End users need a wallet they understand. You, the builder, need a control room for whether credit economics are working. Those are different surfaces. Mixing them is how dashboards grow 40 charts and answer zero questions.
This note is for operators: founders, PMs, finance-aware engineers. You will get a tiered view of what to build first, what to postpone, and how Chargly thinks about Pricing Advisor visibility alongside usage.
Layer 0: Can you see the billing loop at all?
Before pretty charts, confirm you can answer:
- Credits out — consumption by event type over time (not just aggregate API calls).
- Credits in — top-ups and grants, tied to Stripe where applicable.
- Balances — distribution of low-balance users vs healthy wallets (even a simple histogram helps).

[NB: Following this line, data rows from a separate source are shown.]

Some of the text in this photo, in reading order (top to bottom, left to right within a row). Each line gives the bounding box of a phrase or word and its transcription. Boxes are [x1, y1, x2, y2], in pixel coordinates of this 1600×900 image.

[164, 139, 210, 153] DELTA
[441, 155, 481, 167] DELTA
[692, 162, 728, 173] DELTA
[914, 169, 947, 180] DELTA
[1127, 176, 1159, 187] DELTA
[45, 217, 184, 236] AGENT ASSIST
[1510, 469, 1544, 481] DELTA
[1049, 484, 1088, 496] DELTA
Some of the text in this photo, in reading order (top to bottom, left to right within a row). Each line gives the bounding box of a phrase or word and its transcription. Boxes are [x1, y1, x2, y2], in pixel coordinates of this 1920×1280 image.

If you cannot see those three, you are flying blind on the business model — regardless of how good your model quality metrics look elsewhere.
Layer 1: Usage the way your product thinks
Your product charges for chat.reply, image.generate, agent.run — or whatever vocabulary you chose. The dashboard should use the same names.
Dashboard focus
Mirror product language in operator views. If engineering sees provider routes while support sees product events, you will argue about the same incident twice.

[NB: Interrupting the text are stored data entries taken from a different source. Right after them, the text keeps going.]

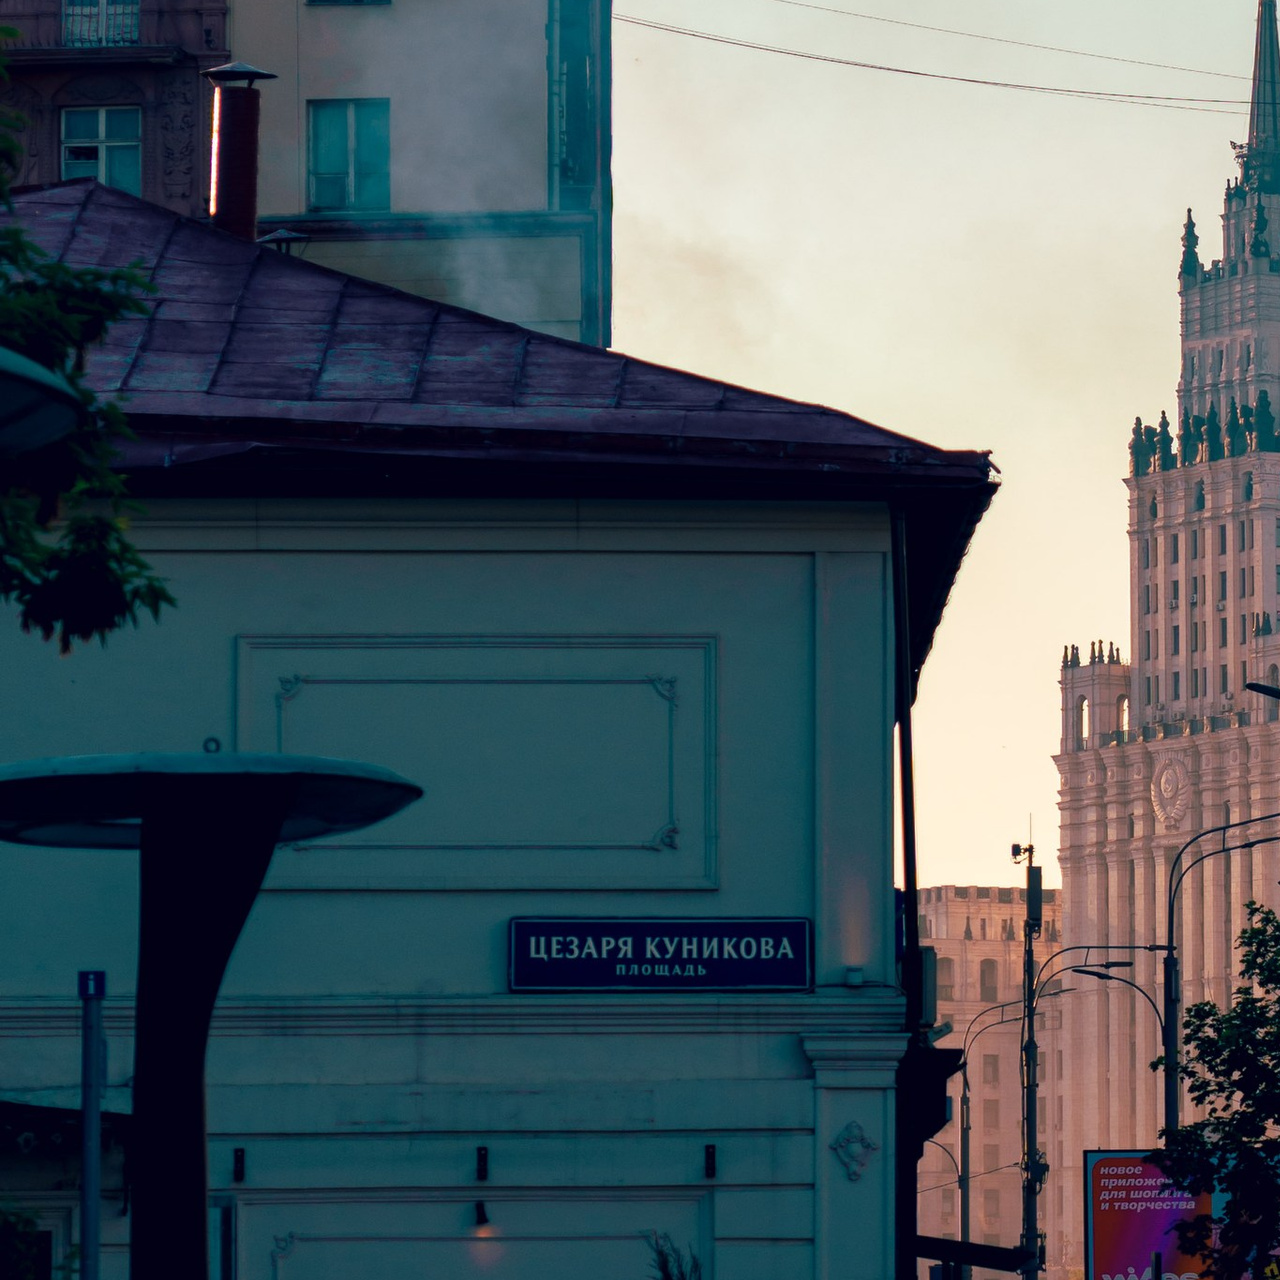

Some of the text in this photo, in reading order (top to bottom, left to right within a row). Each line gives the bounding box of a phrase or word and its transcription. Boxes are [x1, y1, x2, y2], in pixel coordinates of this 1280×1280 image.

[529, 936, 794, 961] ЦЕЗАРЯ КУНИКОВА
[615, 963, 707, 976] ПЛОЩАДЬ
[1099, 1166, 1143, 1175] новое
[1099, 1190, 1126, 1200] для
[1100, 1200, 1196, 1212] и творчества
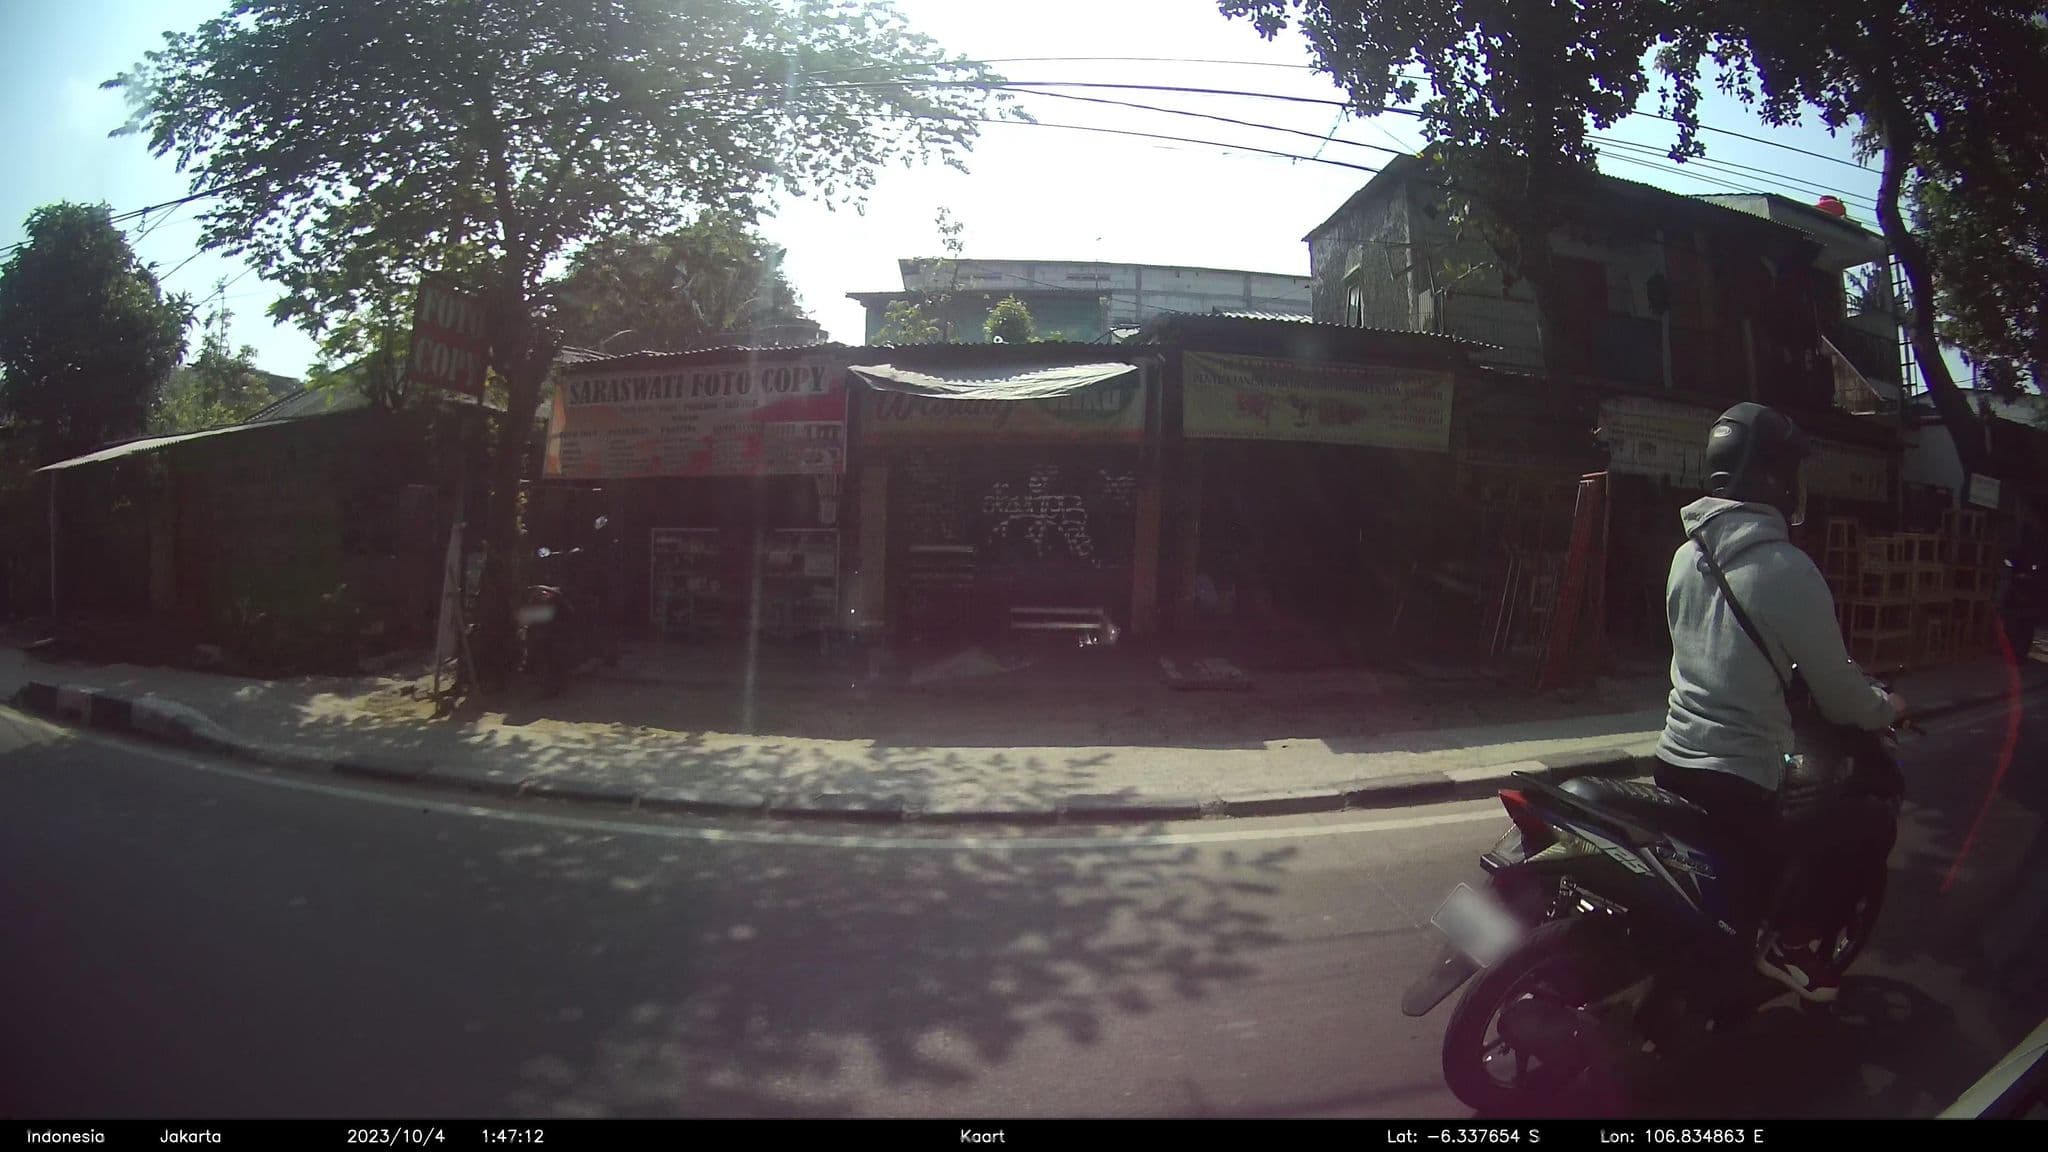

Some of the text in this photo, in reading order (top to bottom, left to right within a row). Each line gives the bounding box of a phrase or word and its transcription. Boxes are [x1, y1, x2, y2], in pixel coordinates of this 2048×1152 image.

[415, 337, 475, 386] COPY
[569, 367, 827, 405] SARASWATI FOTO COPY
[1603, 844, 1651, 875] 125

Trend lines that matter early:
- Volume by event (stacked area or simple totals per week)
- Average credits per active user (rough efficiency signal)
- “Surprise spikes” — one event doubling week-over-week without a launch explanation
Layer 2: Money and margin (without pretending precision you do not have)
You do not need a perfect profit-and-loss picture on day one. You do need directional health:
- Top-up revenue vs credits issued (are discounts or promos distorting the picture?)
- Rough margin band per major event if you have provider cost inputs
- Cost drift flags — when underlying model pricing moves faster than your credit table
This is where pricing intelligence stops being a slogan and becomes a workflow: something proposes a change, someone approves it, the world moves forward with a record.
Layer 3: Pricing Advisor in the same room as the lever
If you run Pricing Advisor, the dashboard should show recommendations alongside context: current rule, suggested rule, rationale, and apply / reject. Version history answers audit questions — “What did we charge in April?” — without a database safari.
If recommendations live in email or a separate tool, they will not get applied. Put them where operators already look.
What to defer until you have scale
Fine-grained cohort funnels, per-customer LTV prediction, and 20-filter segmentation are second-order problems. Defer them until:
- Event volumes are high enough that aggregates hide problems
- You have someone who will act on the extra dimensions weekly
How Chargly fits
Chargly separates customer-facing wallet data from the operator’s view of rules and usage. Pricing Advisor is designed to be deterministic and explainable — the dashboard story is “here is what we think should change, and here is why,” not “trust the model.”
A good AI billing dashboard should make credit-first economics legible. If an operator cannot explain last month’s margin story in plain language, the dashboard is still too clever — or the metering is still too messy. Fix that before adding more tiles.